Adding Subtitles to Navigation Bar in SwiftUI


Greetings, traveler!

Starting with iOS 26, SwiftUI introduces a way to add subtitles to navigation bar titles. It’s done through a new view modifier:
.navigationSubtitle(_:).

This modifier lets you add a secondary line of text under the main navigation title, using the same NavigationStack or NavigationSplitView structure you already use.

How It Works

The navigationSubtitle(_:) modifier is applied to the content of a navigation destination. It works alongside .navigationTitle(_:), not instead of it.

Here’s the simplest use case:

struct ContentView: View {
    var body: some View {
        NavigationStack {
           Text("Hello!")
                .navigationTitle("Title")
                .navigationSubtitle("Subtitle")
        }
    }
}

The subtitle appears directly below the title in the navigation bar—same size, same alignment, but visually distinct. It stays in place as you scroll, and there’s no need to tweak the layout manually.

Where It Works

The modifier is available on iOS 26+, iPadOS 26.0+, Mac Catalyst 14.0+, macOS 11.0+. It requires that the view is inside a navigation container—either NavigationStack, NavigationSplitView, or their equivalents in the relevant platform.

Notes and Limitations

There’s no built-in support yet for changing the font or styling of the subtitle.
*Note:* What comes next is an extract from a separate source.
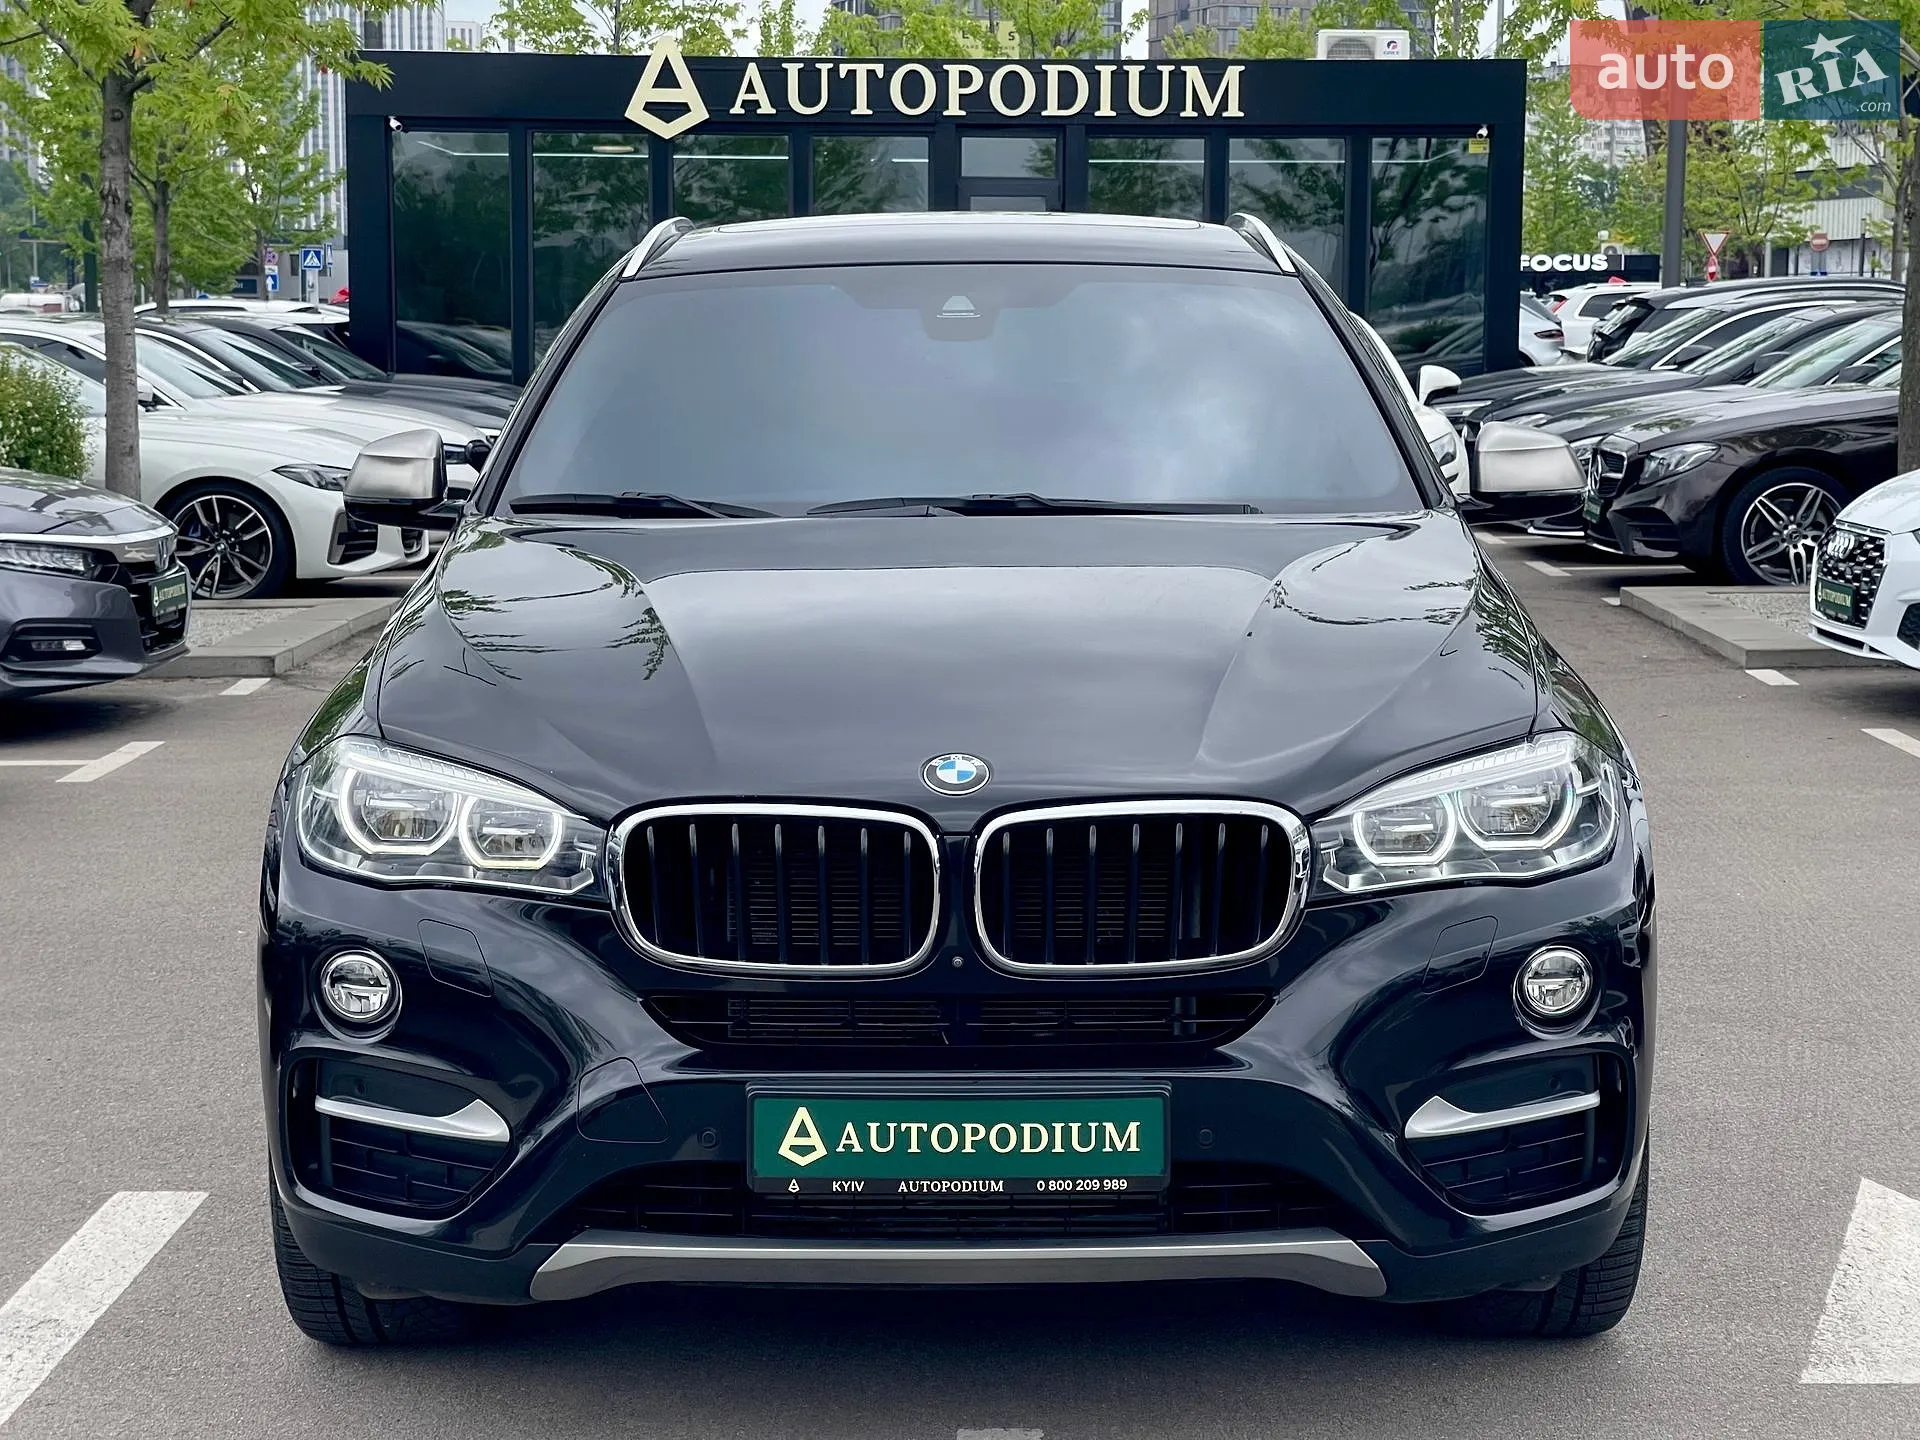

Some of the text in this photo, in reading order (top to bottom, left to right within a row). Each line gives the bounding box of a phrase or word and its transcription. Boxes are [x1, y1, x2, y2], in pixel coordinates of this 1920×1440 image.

[729, 62, 1246, 118] AUTOPODIUM
[1520, 253, 1609, 272] FOCUS
[835, 1121, 1141, 1154] AUTOPODIUM
[832, 1178, 1128, 1194] KYIV AUTOPODIUM 0 800 209 989
It uses the system’s default appearance. That might change in future versions, but for now, it’s meant to stay consistent with native navigation UI. If you need a custom design, you can use ToolBarItem(palecement: .principal) {}

struct ContentView: View {
    var body: some View {
        NavigationStack {
           Text("Hello!")
                .toolbar {
                    ToolbarItem(placement: .principal) {
                        VStack {
                            Text("Title")
                                .fontWeight(.semibold)
                            
                            Text("Subtitle")
                                .font(.caption)
                                .foregroundStyle(.secondary)
                        }
                    }
                }
        }
    }
}

Also, navigationSubtitle(_:) must be used in views that already define a navigation title. If there’s no .navigationTitle(), the subtitle won’t appear.

Final Thoughts

It’s a small addition, but a useful one. If your navigation UI needs a bit more context—like showing a date, a location, or a short note—it now takes one line of code.